Los hechos del pasado 6 de enero, con fanáticos del presidente Donald Trump irrumpiendo en en el Capitolio de los Estados Unidos (en un intento insurrecto de anular los resultados electorales), fueron ocasionados luego de que el mismo Trump emitiera mensajes de incitación a la violencia en uno de sus discursos y, durante años, en sus plataformas. 

La respuesta coordinada de Twitter, Facebook, Instagram y Snapchat luego de los episodios derivó en la suspensión de las cuentas de Trump en dichas redes de manera indefinida. También YouTube lo hizo durante al menos una semana (por plataformas entendemos a las redes por las que circula el debate público global). 

Al mismo tiempo, Apple, Google y Amazon Web Services (en su faceta de proveedores de alojamiento en la nube) dieron de baja a la plataforma Parler de sus servicios, un sitio reconocido globalmente por haber galvanizado a la extrema derecha norteamericana, ayudándoles a organizar el ataque.
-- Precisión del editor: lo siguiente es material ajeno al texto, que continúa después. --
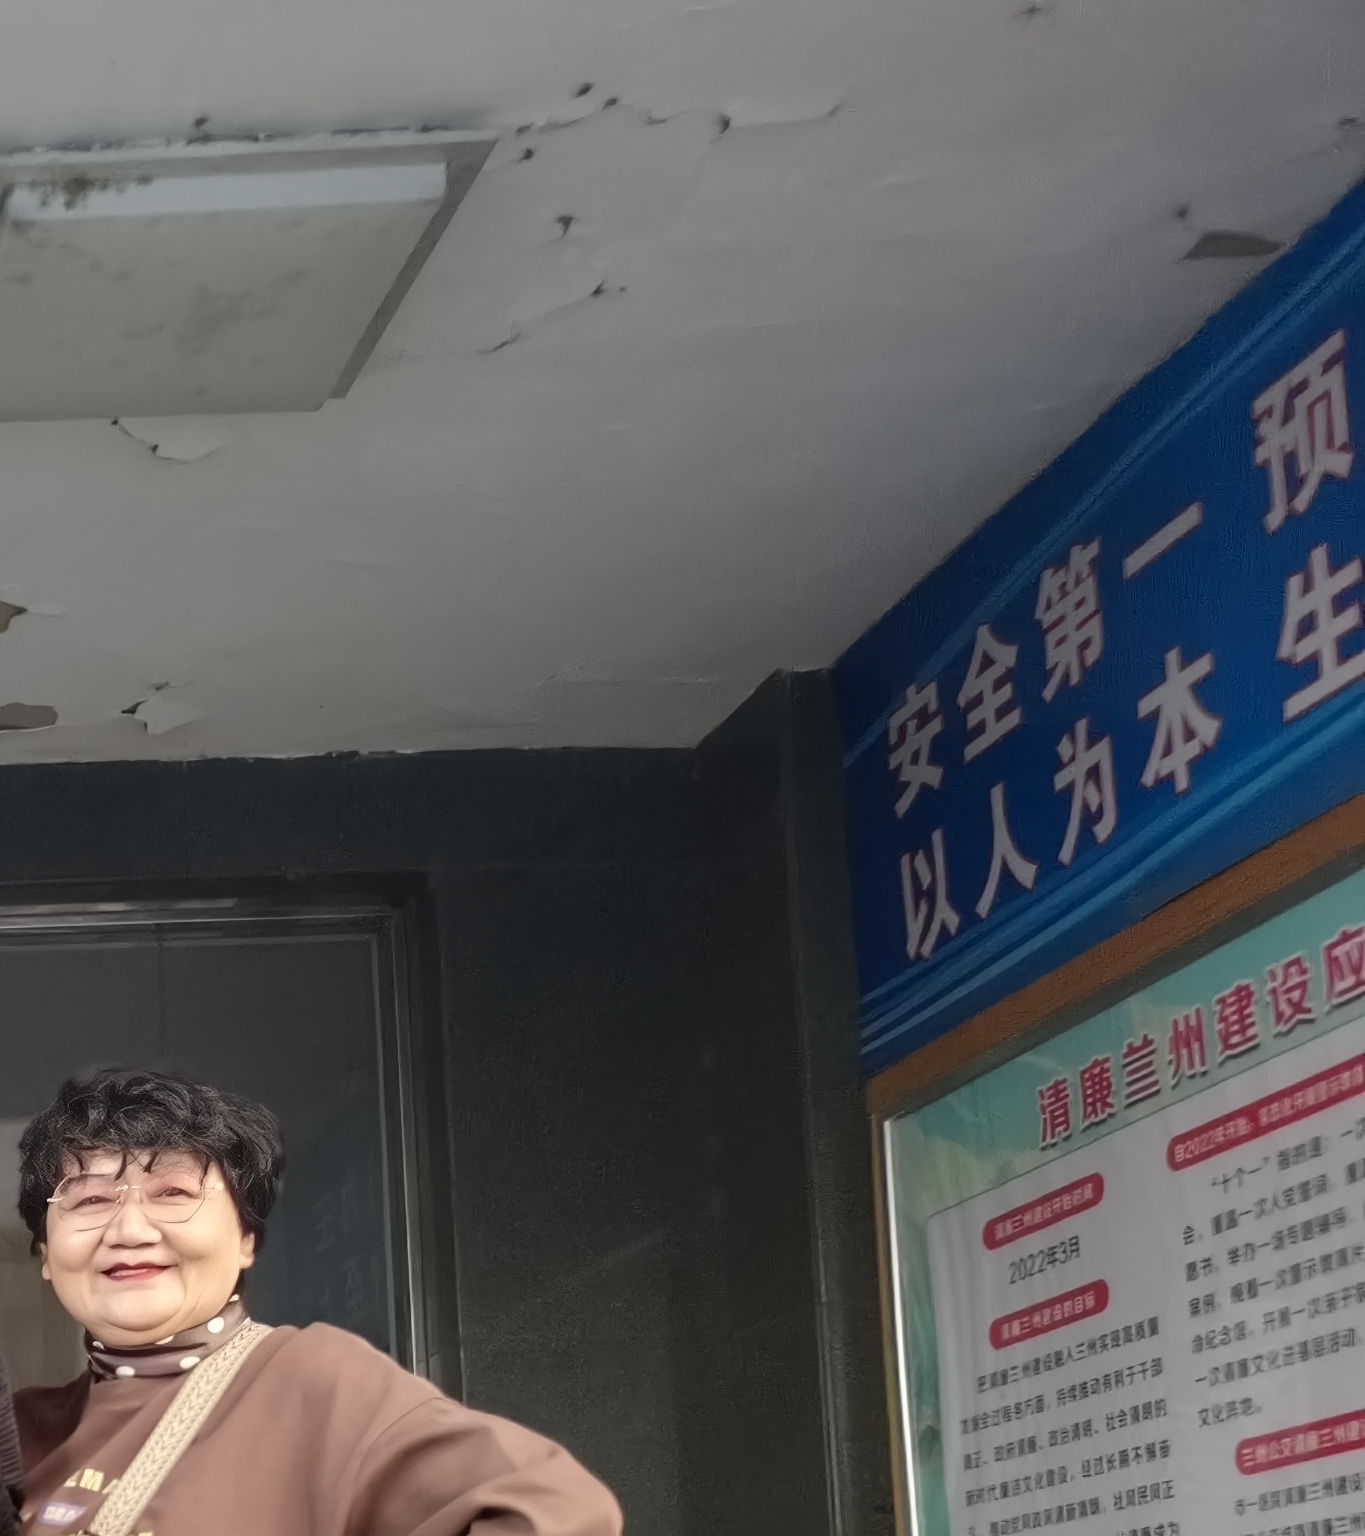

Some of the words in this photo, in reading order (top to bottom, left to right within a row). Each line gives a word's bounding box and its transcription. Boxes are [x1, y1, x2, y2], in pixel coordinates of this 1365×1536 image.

[887, 502, 1203, 819] 安全第一
[1251, 328, 1355, 536] 预
[899, 646, 1223, 961] 以人为本
[1275, 542, 1365, 723] 生
[1009, 1235, 1081, 1284] 2022年3月
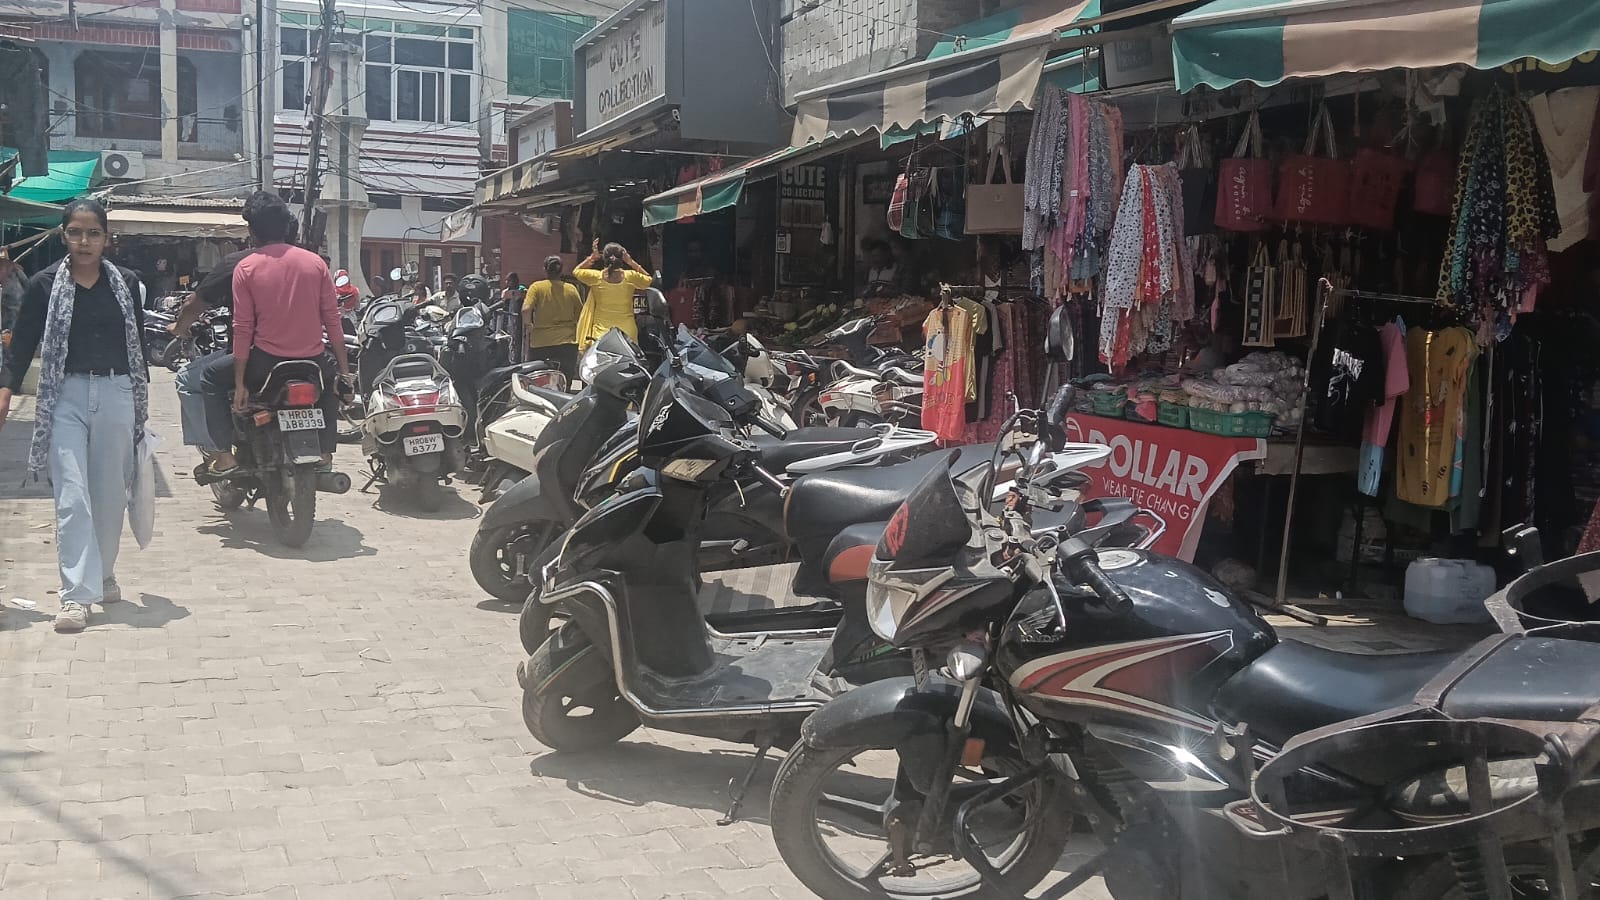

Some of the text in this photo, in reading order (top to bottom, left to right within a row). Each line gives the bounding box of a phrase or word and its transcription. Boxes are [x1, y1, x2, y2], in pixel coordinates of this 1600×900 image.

[598, 65, 655, 114] COLLECTION
[781, 165, 826, 187] CUTE
[781, 186, 825, 199] COLECTION
[287, 410, 314, 420] HR08
[285, 419, 324, 430] AB8339
[1088, 429, 1209, 502] DOLLAR
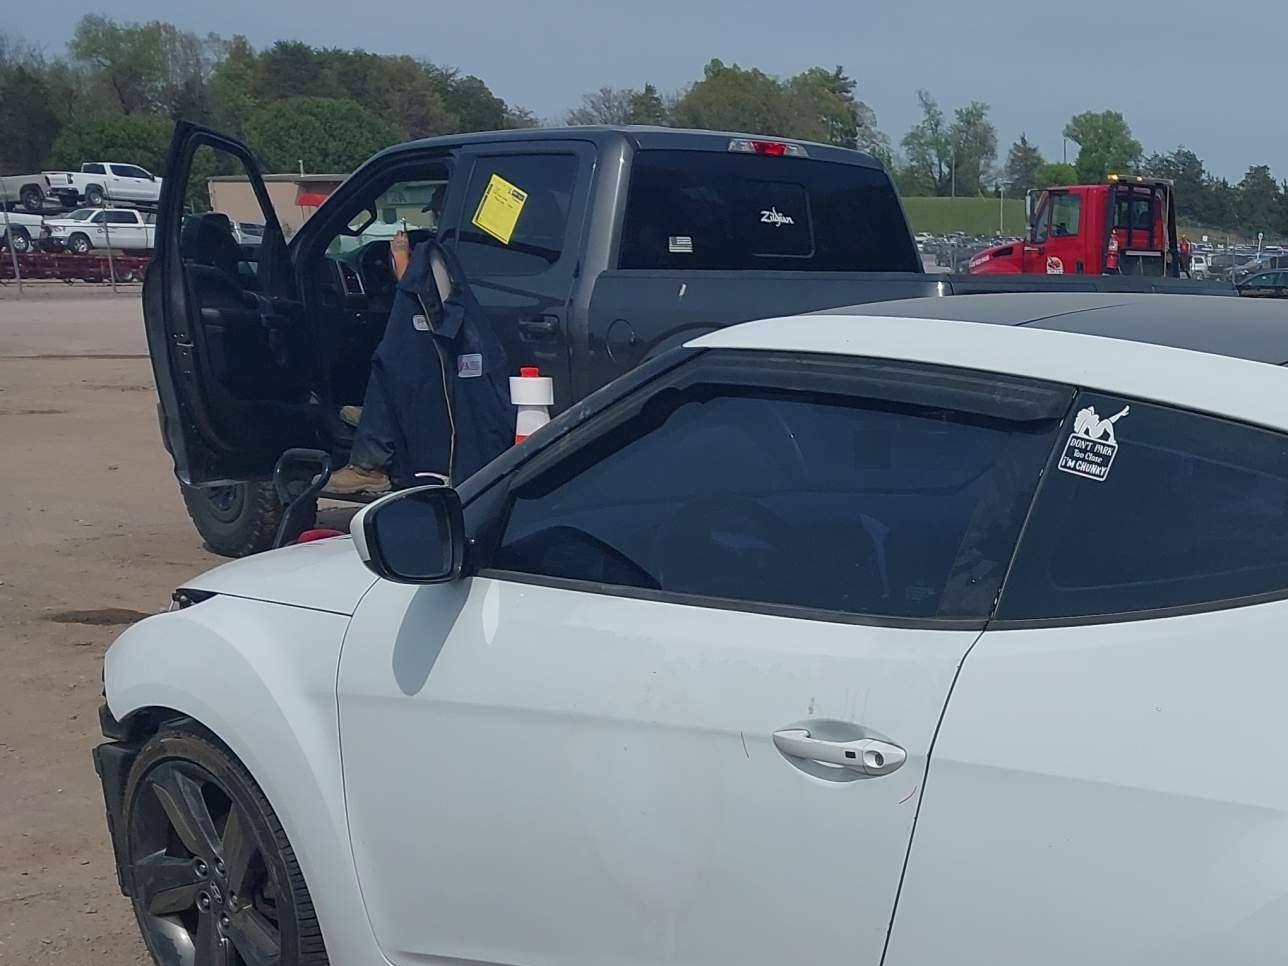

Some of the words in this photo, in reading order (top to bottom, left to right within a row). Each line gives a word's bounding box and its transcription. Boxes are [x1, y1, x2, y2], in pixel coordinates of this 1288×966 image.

[1073, 448, 1084, 458] Too
[1085, 452, 1103, 463] Close
[1094, 444, 1114, 456] PARK
[1076, 460, 1107, 476] CHUNKY
Lo que sucedió con Parler apunta a varios problemas más importantes, entre los que se destacan el excesivo poder de los proveedores principales de servicios cloud, de tiendas de aplicaciones y otras funciones básicas en la red, como las mencionadas anteriormente. Estas empresas no solamente tienen una incidencia decisiva sobre el ecosistema de Internet, sino que a menudo la ejercen con escasa o nula transparencia en decisiones como la que analizamos. Resulta llamativo que no se pueda conocer en detalle cómo fue el proceso en el que se decidió excluir a Parler. Organizaciones defensoras de derechos humanos han destacado la necesidad de coherencia y transparencia para que los desarrolladores y el público sepan cómo y cuándo las plataformas aplican sanciones basadas en sus términos de servicio.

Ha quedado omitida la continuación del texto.